__Data supplied__.
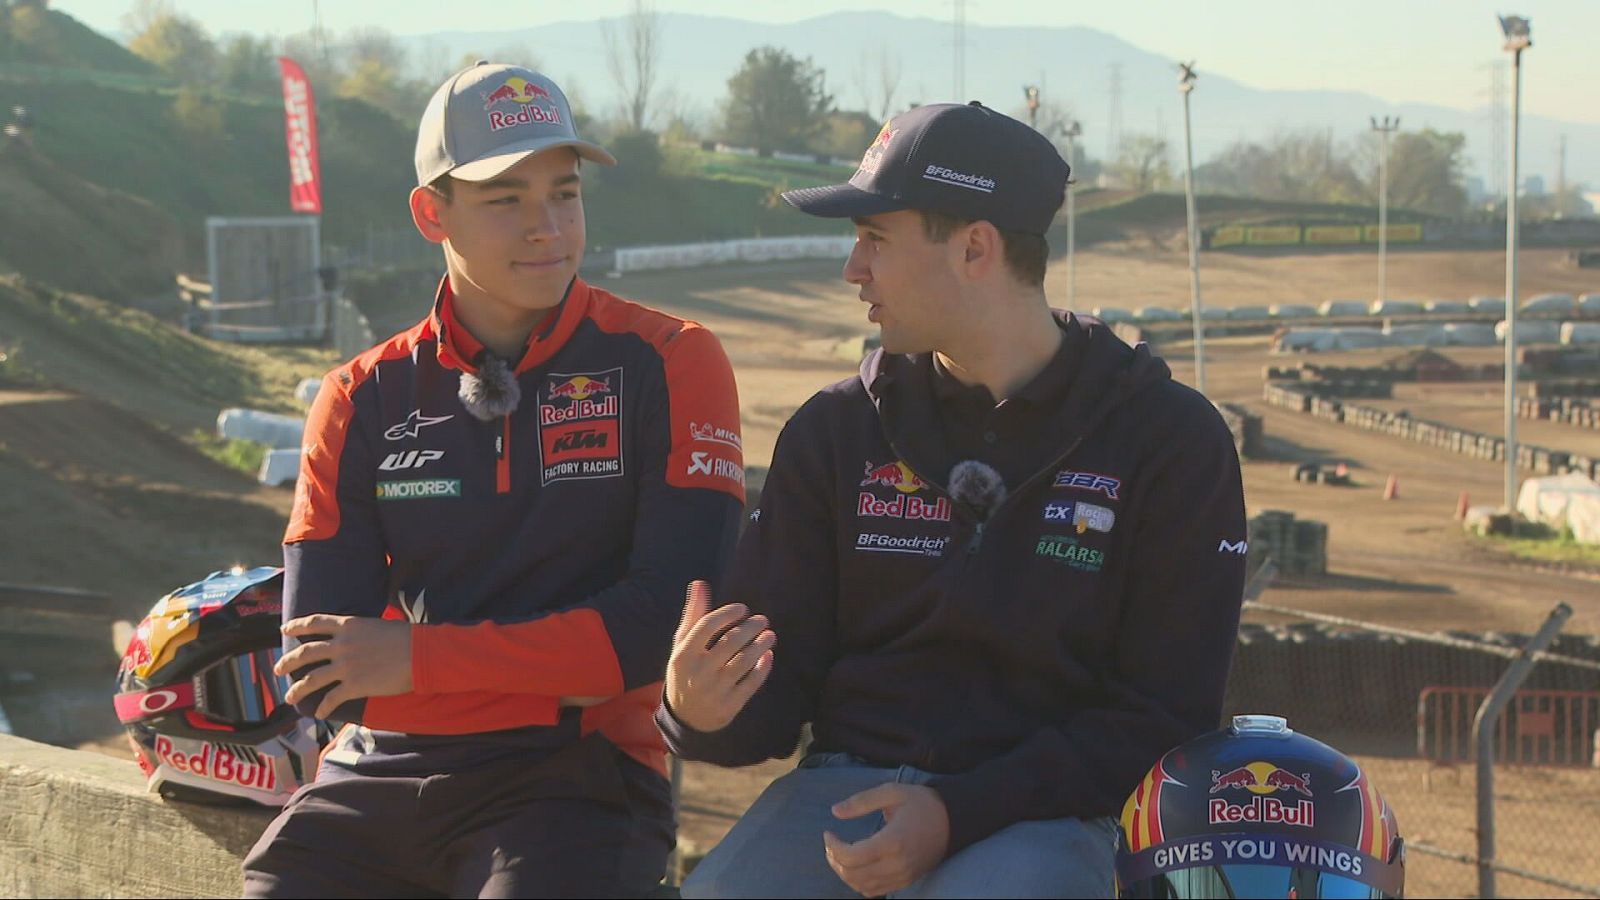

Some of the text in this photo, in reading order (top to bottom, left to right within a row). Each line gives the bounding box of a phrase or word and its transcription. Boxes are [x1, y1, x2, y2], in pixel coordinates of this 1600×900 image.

[489, 104, 563, 131] Red Bull
[925, 165, 996, 189] BFGoodrich
[540, 395, 618, 425] Red Bull
[552, 429, 609, 454] KTM
[378, 450, 445, 471] WP
[544, 460, 619, 480] FACTORY RACING
[384, 480, 457, 497] MOTOREX
[857, 492, 951, 521] Red Bull
[155, 733, 277, 791] Red Bull
[1209, 796, 1314, 828] Red Bull
[1154, 840, 1362, 876] GIVES YOU WINGS
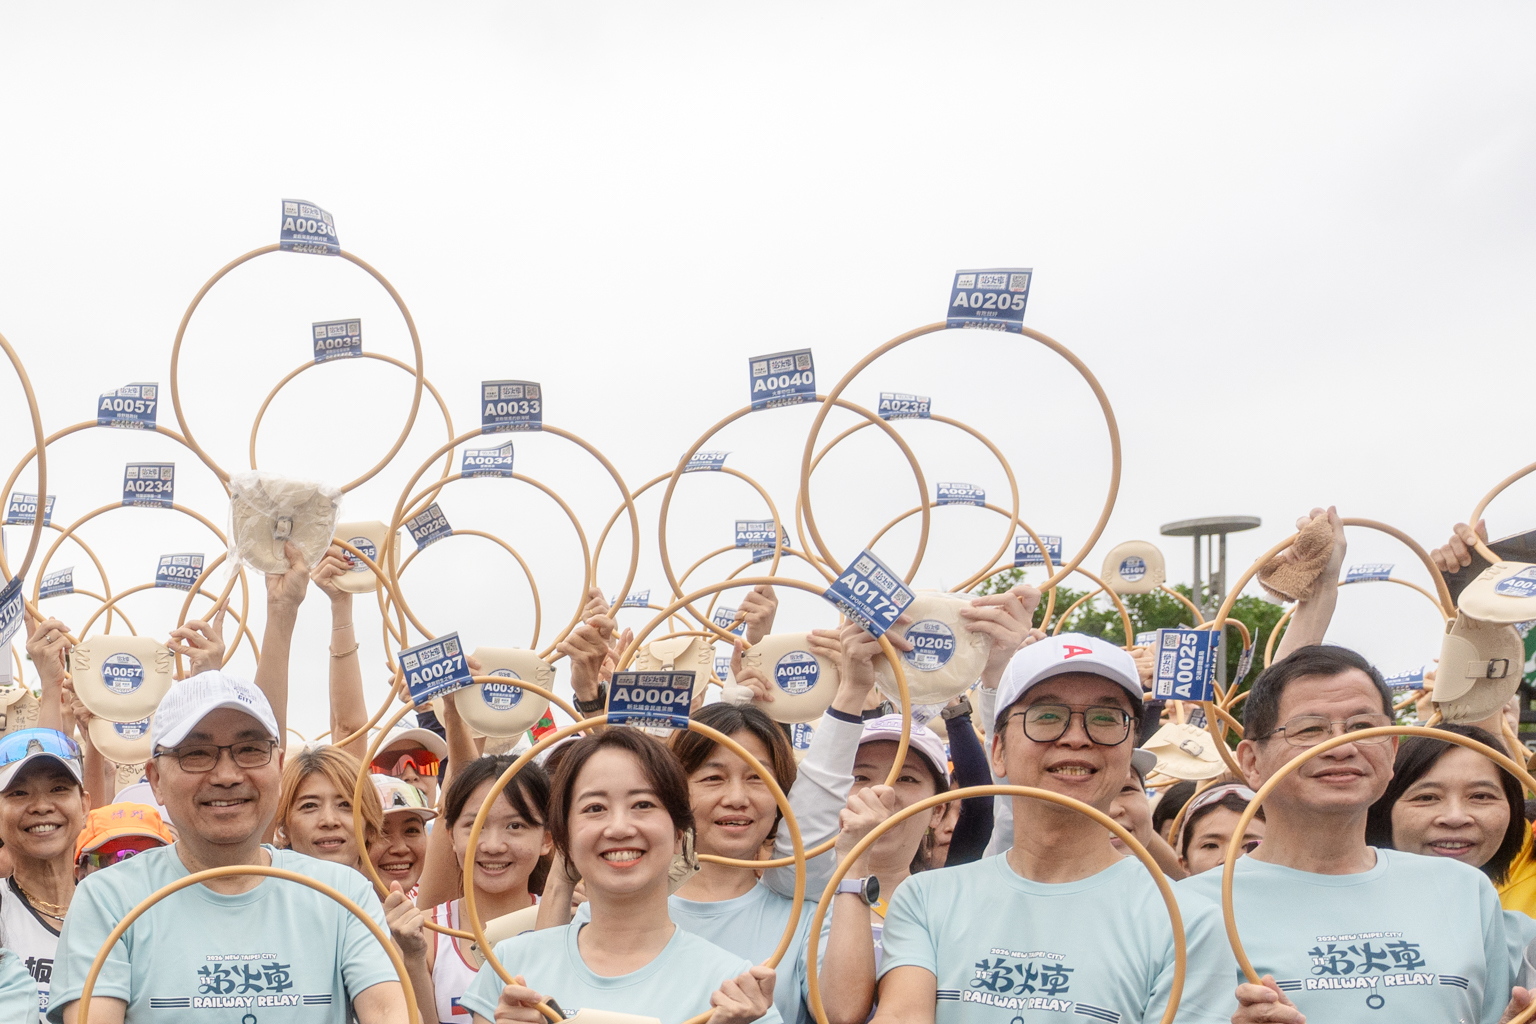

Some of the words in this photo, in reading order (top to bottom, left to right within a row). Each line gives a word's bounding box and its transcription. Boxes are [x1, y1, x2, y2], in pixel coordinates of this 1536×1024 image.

__The task__. Go through the data above and transcribe it in full, omitting any image.

__Answer box__.
Some of the text in this photo, in reading order (top to bottom, left to right within a row). Each line gives the bounding box of a phrase or word and its transcription. Boxes are [x1, y1, x2, y2], in pixel coordinates of this 1600×900 image.

[489, 104, 563, 131] Red Bull
[925, 165, 996, 189] BFGoodrich
[540, 395, 618, 425] Red Bull
[552, 429, 609, 454] KTM
[378, 450, 445, 471] WP
[544, 460, 619, 480] FACTORY RACING
[384, 480, 457, 497] MOTOREX
[857, 492, 951, 521] Red Bull
[155, 733, 277, 791] Red Bull
[1209, 796, 1314, 828] Red Bull
[1154, 840, 1362, 876] GIVES YOU WINGS

Some of the words in this photo, in reading order (top to bottom, left to right within a row). Each line gives a word's bounding box and its transcription. Boxes are [x1, y1, x2, y2], in pixel coordinates of this 1536×1024 image.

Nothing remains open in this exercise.